Your answer should consist only of the records, copied exactly, with the images removed.

Phrase grounding data:
┌────────

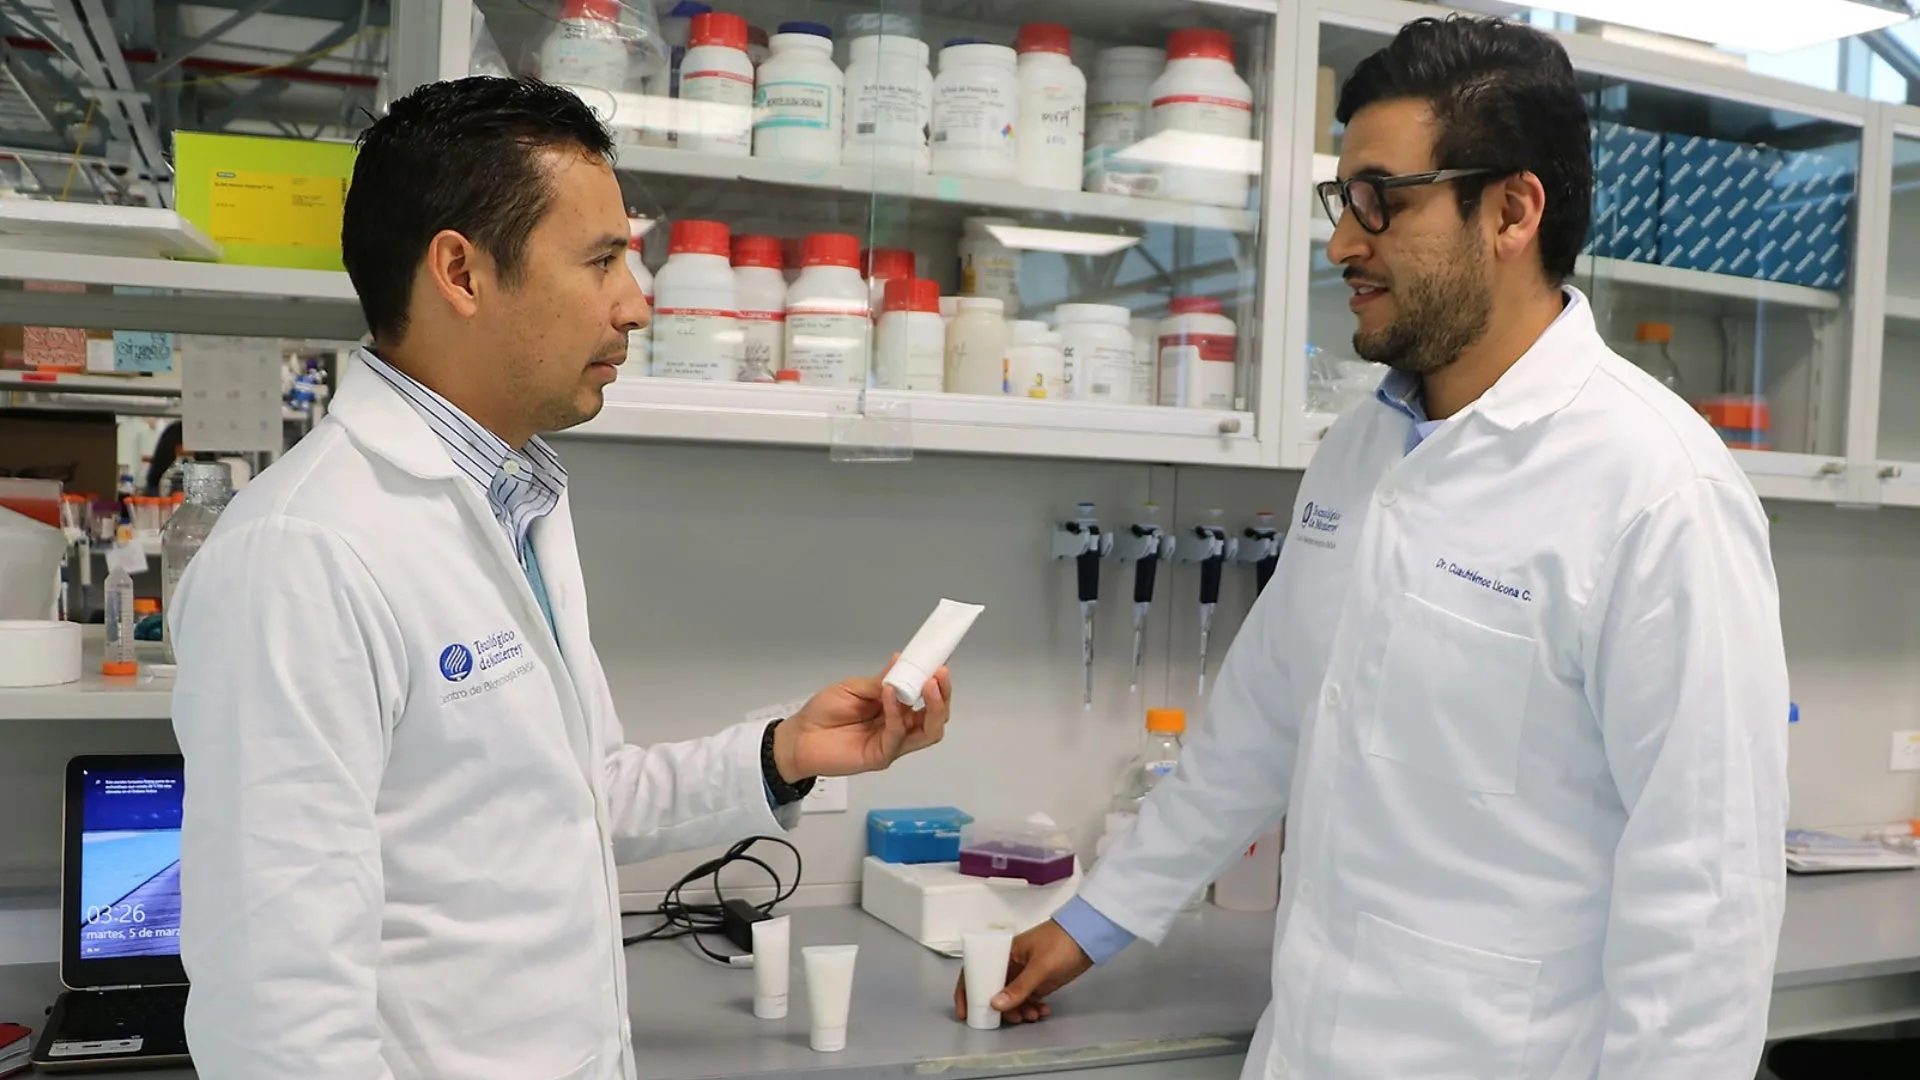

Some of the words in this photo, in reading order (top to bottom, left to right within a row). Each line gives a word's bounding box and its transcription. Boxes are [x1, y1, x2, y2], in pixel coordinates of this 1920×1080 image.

[1436, 558, 1447, 569] Dr.
[1448, 563, 1492, 588] Cuauhtémoc
[1492, 579, 1520, 598] Licona
[1521, 589, 1532, 602] C.
[479, 657, 491, 671] de
[469, 684, 482, 696] de
[87, 904, 146, 925] 03:26
[86, 930, 126, 941] martes,
[129, 928, 137, 938] 5
[139, 927, 153, 938] de
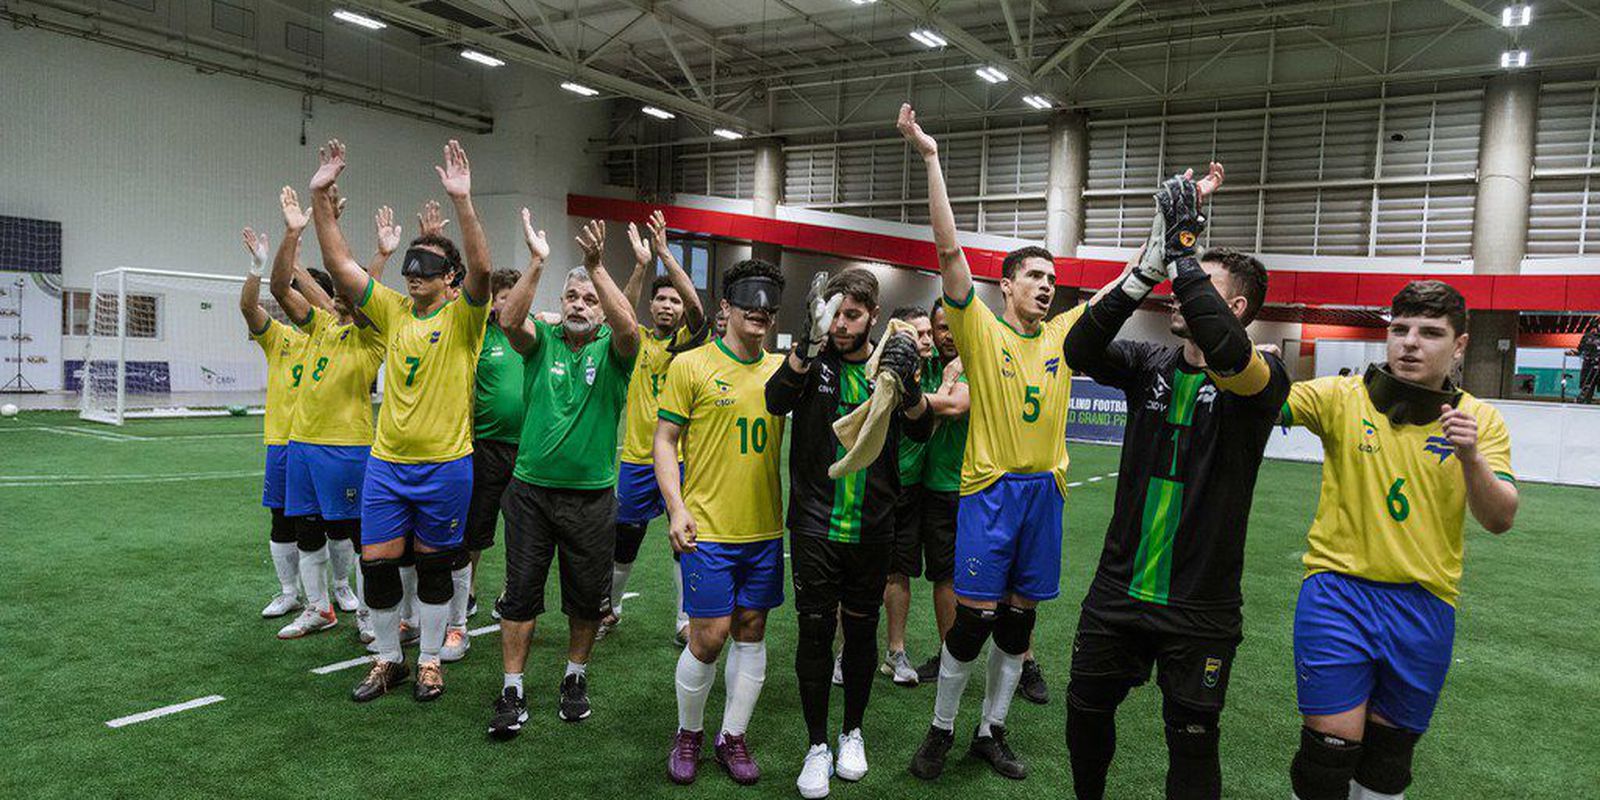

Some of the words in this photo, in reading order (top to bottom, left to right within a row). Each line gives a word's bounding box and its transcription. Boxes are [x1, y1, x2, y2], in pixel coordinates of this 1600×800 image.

[292, 364, 303, 387] 9
[312, 356, 328, 382] 8
[405, 356, 420, 387] 7
[1022, 385, 1041, 423] 5
[1078, 411, 1111, 426] GRAND
[735, 416, 768, 455] 10
[1169, 429, 1181, 476] 1
[1386, 477, 1410, 522] 6

└────────

Solution to the problem:
Some of the words in this photo, in reading order (top to bottom, left to right within a row). Each line gives a word's bounding box and its transcription. Boxes are [x1, y1, x2, y2], in pixel coordinates of this 1920×1080 image.

[1436, 558, 1447, 569] Dr.
[1448, 563, 1492, 588] Cuauhtémoc
[1492, 579, 1520, 598] Licona
[1521, 589, 1532, 602] C.
[479, 657, 491, 671] de
[469, 684, 482, 696] de
[87, 904, 146, 925] 03:26
[86, 930, 126, 941] martes,
[129, 928, 137, 938] 5
[139, 927, 153, 938] de

Some of the words in this photo, in reading order (top to bottom, left to right within a row). Each line gives a word's bounding box and its transcription. Boxes are [x1, y1, x2, y2], in pixel coordinates of this 1600×800 image.

[292, 364, 303, 387] 9
[312, 356, 328, 382] 8
[405, 356, 420, 387] 7
[1022, 385, 1041, 423] 5
[1078, 411, 1111, 426] GRAND
[735, 416, 768, 455] 10
[1169, 429, 1181, 476] 1
[1386, 477, 1410, 522] 6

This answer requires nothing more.